Exercise instructions:
Could you transcribe the entries below exactly, without any of the pictures?
--- Data for the task ---
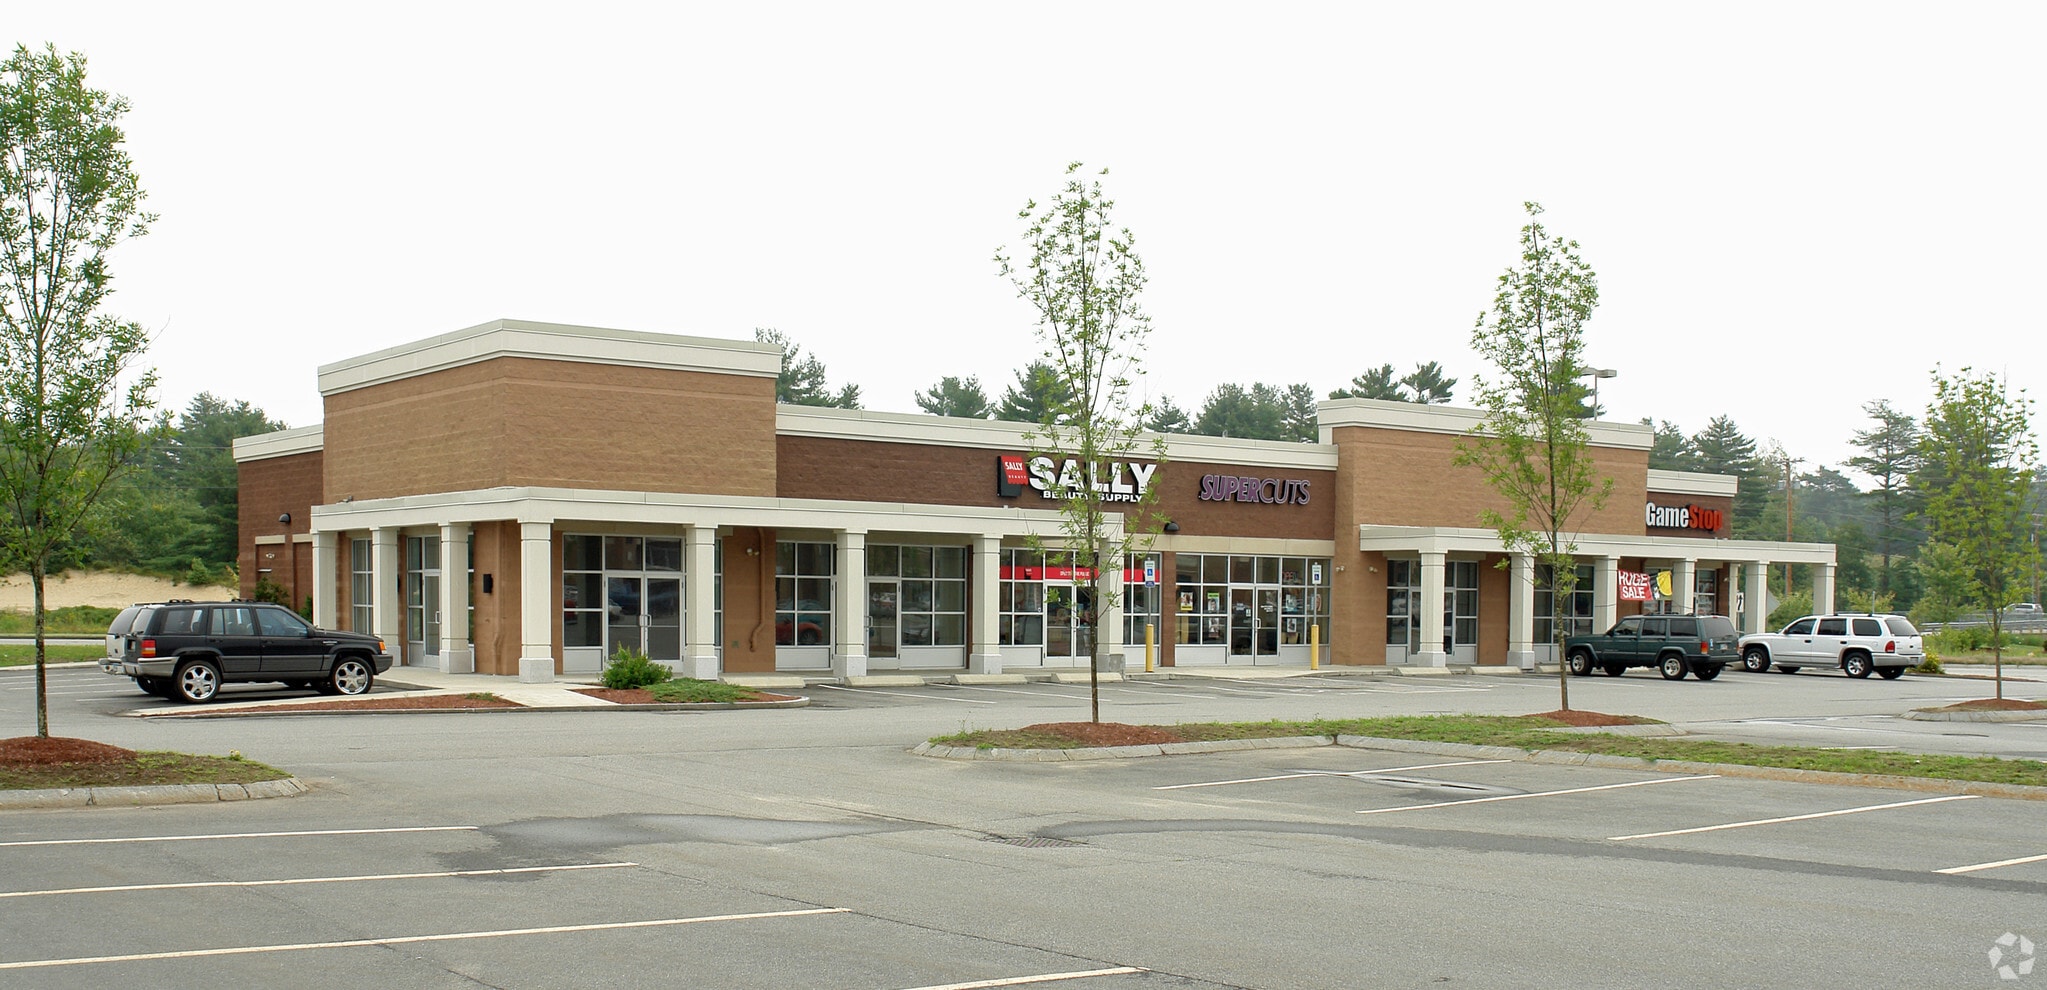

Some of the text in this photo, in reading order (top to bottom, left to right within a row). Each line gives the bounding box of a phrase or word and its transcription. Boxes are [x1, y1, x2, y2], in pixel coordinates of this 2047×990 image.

[1004, 461, 1023, 471] SALLY
[1029, 457, 1157, 494] SALLY
[1098, 492, 1143, 503] SUPPLY
[1200, 474, 1311, 505] SUPERCUTS
[1645, 502, 1723, 532] GameStop
[1618, 569, 1649, 586] HUGE
[1622, 586, 1646, 599] SALE
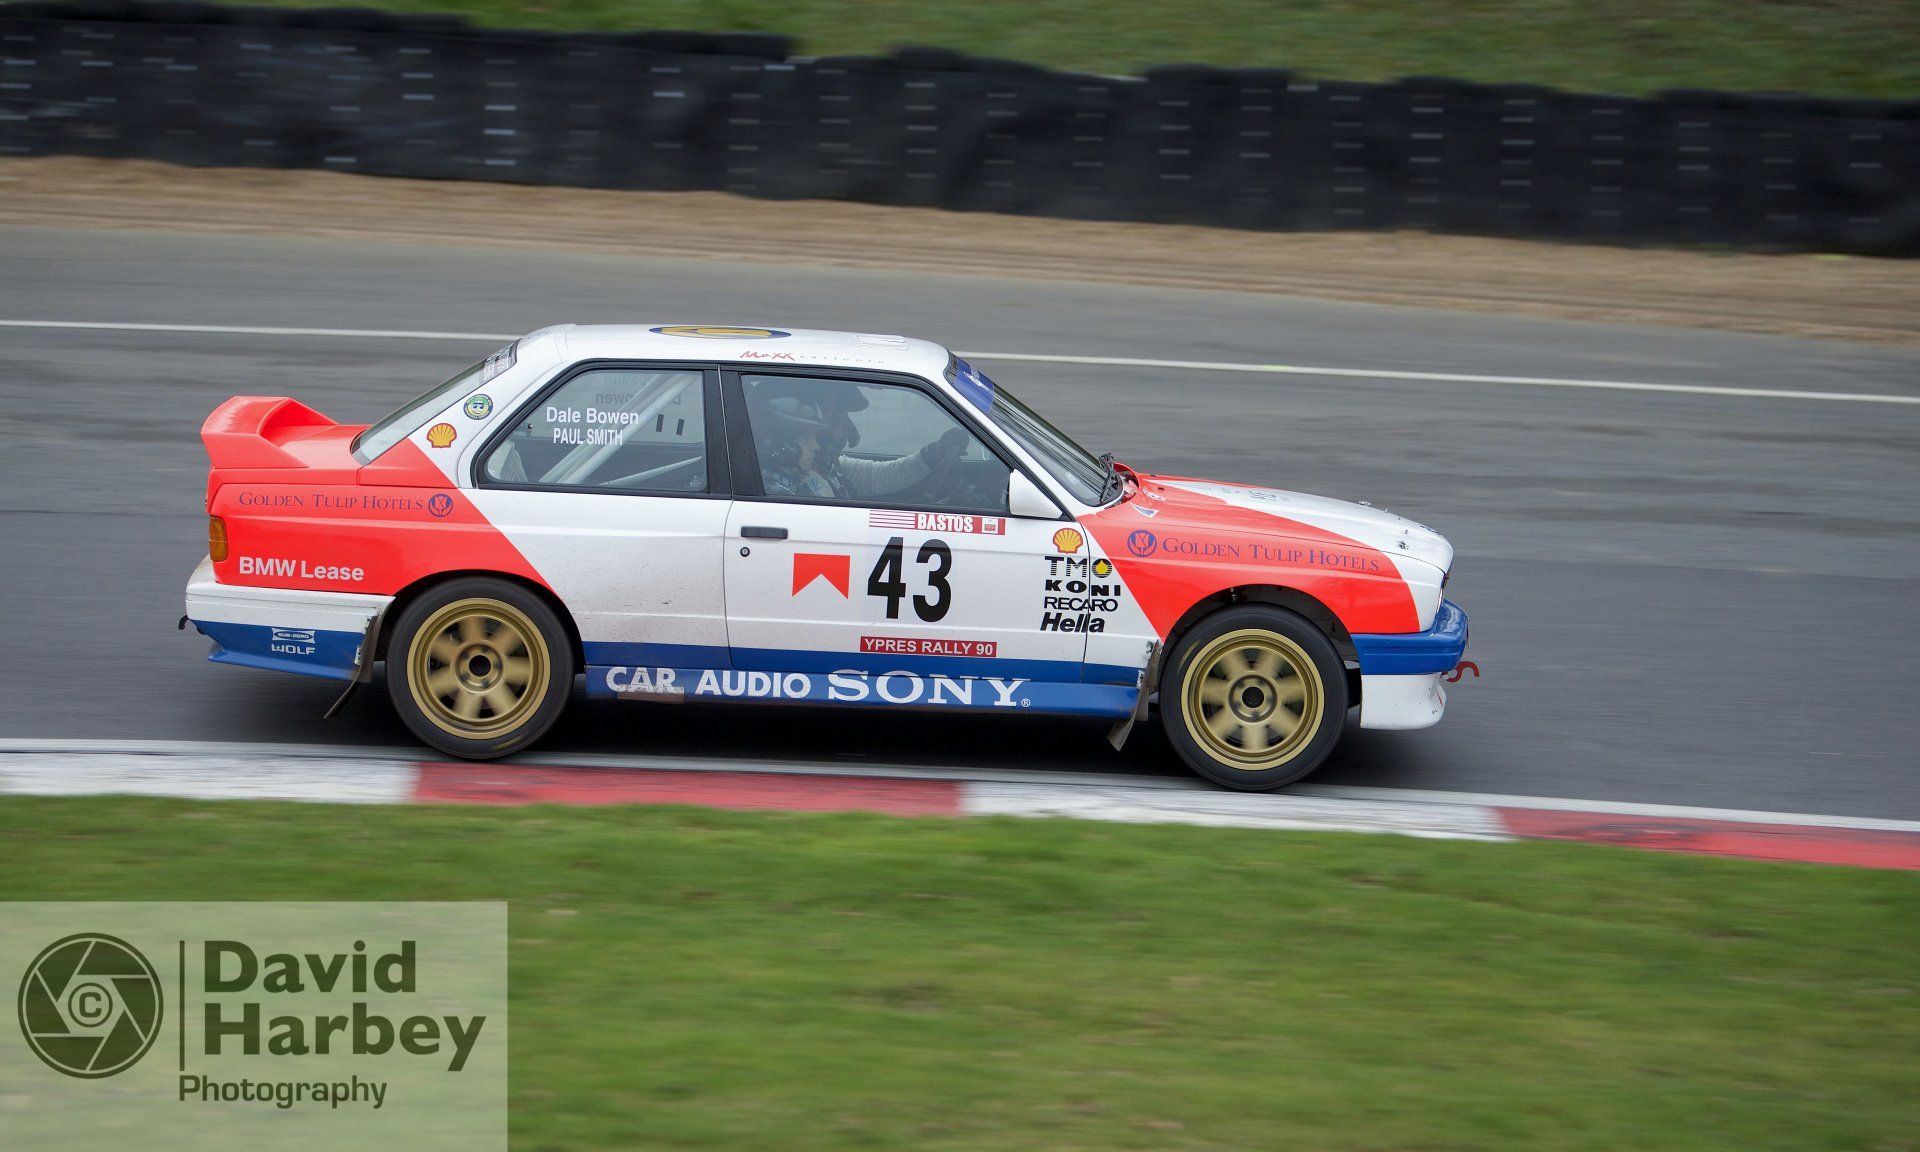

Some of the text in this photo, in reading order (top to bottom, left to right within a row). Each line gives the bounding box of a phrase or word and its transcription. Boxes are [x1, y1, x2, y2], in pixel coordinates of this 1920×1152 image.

[546, 406, 639, 425] Dale Bowen
[553, 427, 623, 446] PAUL SMITH
[239, 492, 423, 511] GOLDEN TULIP HOTELS
[917, 513, 974, 532] BASTOS
[1162, 537, 1379, 572] GOLDEN TULIP HOTELS
[239, 556, 364, 581] BMW Lease
[867, 536, 952, 623] 43
[1045, 579, 1121, 597] KONI
[1044, 596, 1118, 612] RECARO
[1040, 612, 1105, 633] Hella
[271, 643, 315, 656] WOLF
[864, 638, 993, 656] YPRES RALLY 90
[605, 666, 682, 694] CAR
[694, 669, 812, 699] AUDIO
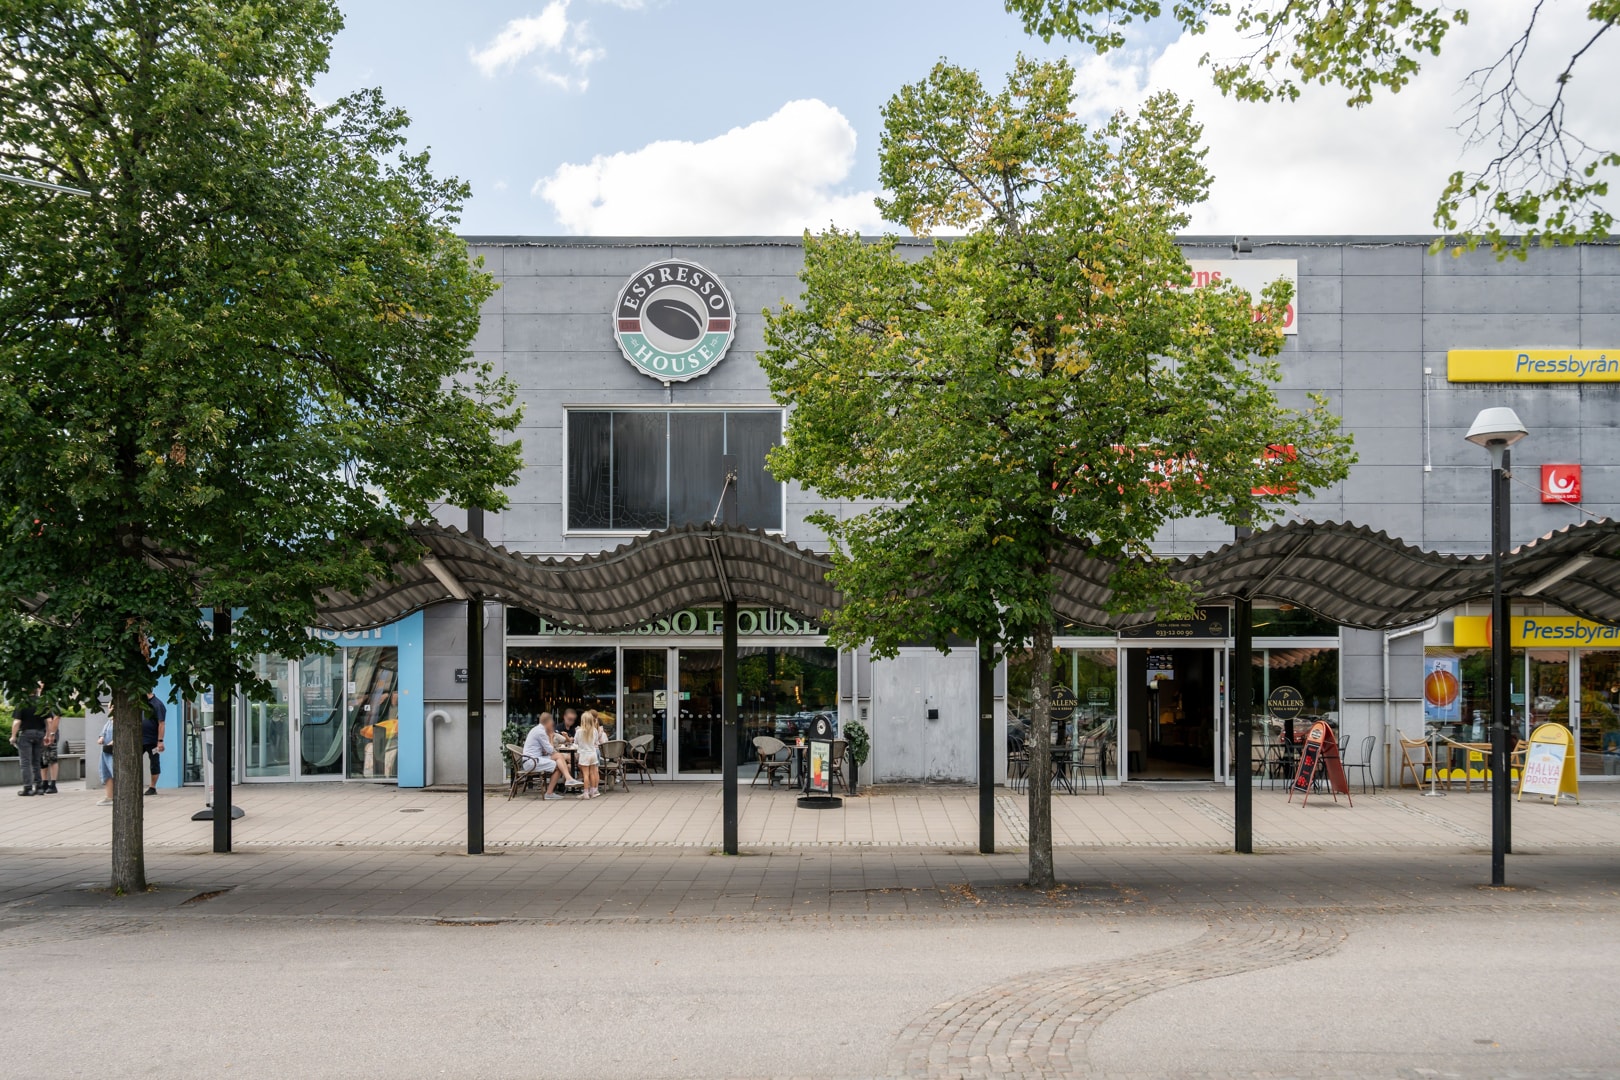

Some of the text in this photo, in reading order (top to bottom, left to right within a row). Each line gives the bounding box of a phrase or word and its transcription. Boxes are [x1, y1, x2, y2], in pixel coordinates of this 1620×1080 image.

[624, 267, 724, 310] ESPRESSO
[635, 345, 714, 373] HOUSE
[1516, 353, 1619, 377] Pressbyrån
[538, 611, 698, 635] ESSO
[1527, 762, 1560, 776] HALVA
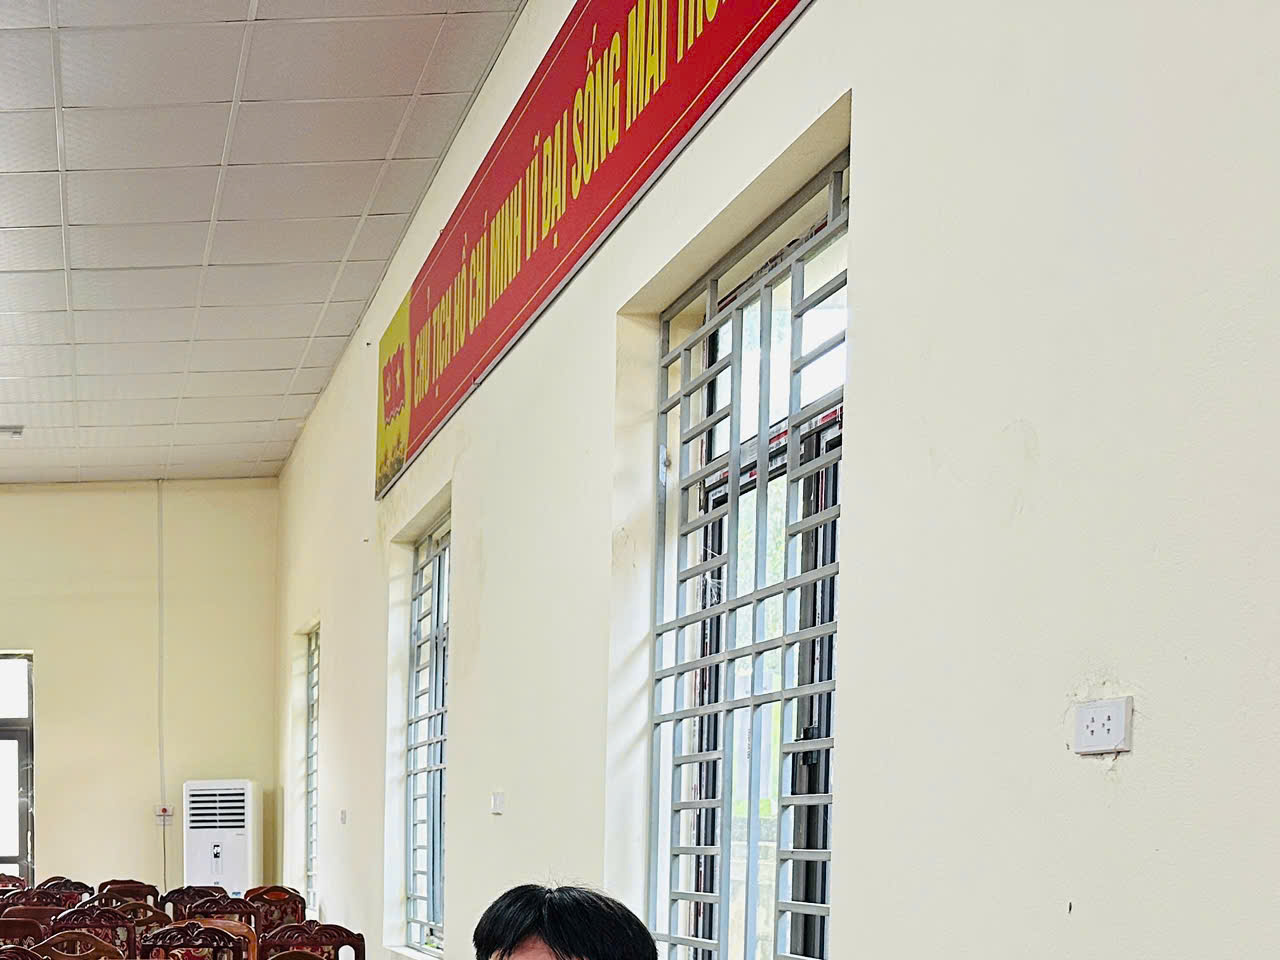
---
Answer:
Some of the text in this photo, in reading order (top to bottom, left to right within a row). Each line gives the bounding box of a phrase or word and its transcription. Boxes are [x1, y1, x2, y2], in pixel coordinates of this 2047×990 image.

[1004, 461, 1023, 471] SALLY
[1029, 457, 1157, 494] SALLY
[1098, 492, 1143, 503] SUPPLY
[1200, 474, 1311, 505] SUPERCUTS
[1645, 502, 1723, 532] GameStop
[1618, 569, 1649, 586] HUGE
[1622, 586, 1646, 599] SALE

Some of the text in this photo, in reading order (top to bottom, left to right within a row). Each line gives the bounding box of a phrase or word and its transcription. Boxes are [x1, y1, x2, y2], in pixel coordinates of this 1920×1152 image.

[546, 406, 639, 425] Dale Bowen
[553, 427, 623, 446] PAUL SMITH
[239, 492, 423, 511] GOLDEN TULIP HOTELS
[917, 513, 974, 532] BASTOS
[1162, 537, 1379, 572] GOLDEN TULIP HOTELS
[239, 556, 364, 581] BMW Lease
[867, 536, 952, 623] 43
[1045, 579, 1121, 597] KONI
[1044, 596, 1118, 612] RECARO
[1040, 612, 1105, 633] Hella
[271, 643, 315, 656] WOLF
[864, 638, 993, 656] YPRES RALLY 90
[605, 666, 682, 694] CAR
[694, 669, 812, 699] AUDIO

Some of the text in this photo, in reading order (top to bottom, left to right within a row). Each line gives the bounding box of a phrase or word and its transcription. Boxes are [x1, y1, x2, y2], in pixel coordinates of this 1620×1080 image.

[624, 267, 724, 310] ESPRESSO
[635, 345, 714, 373] HOUSE
[1516, 353, 1619, 377] Pressbyrån
[538, 611, 698, 635] ESSO
[1527, 762, 1560, 776] HALVA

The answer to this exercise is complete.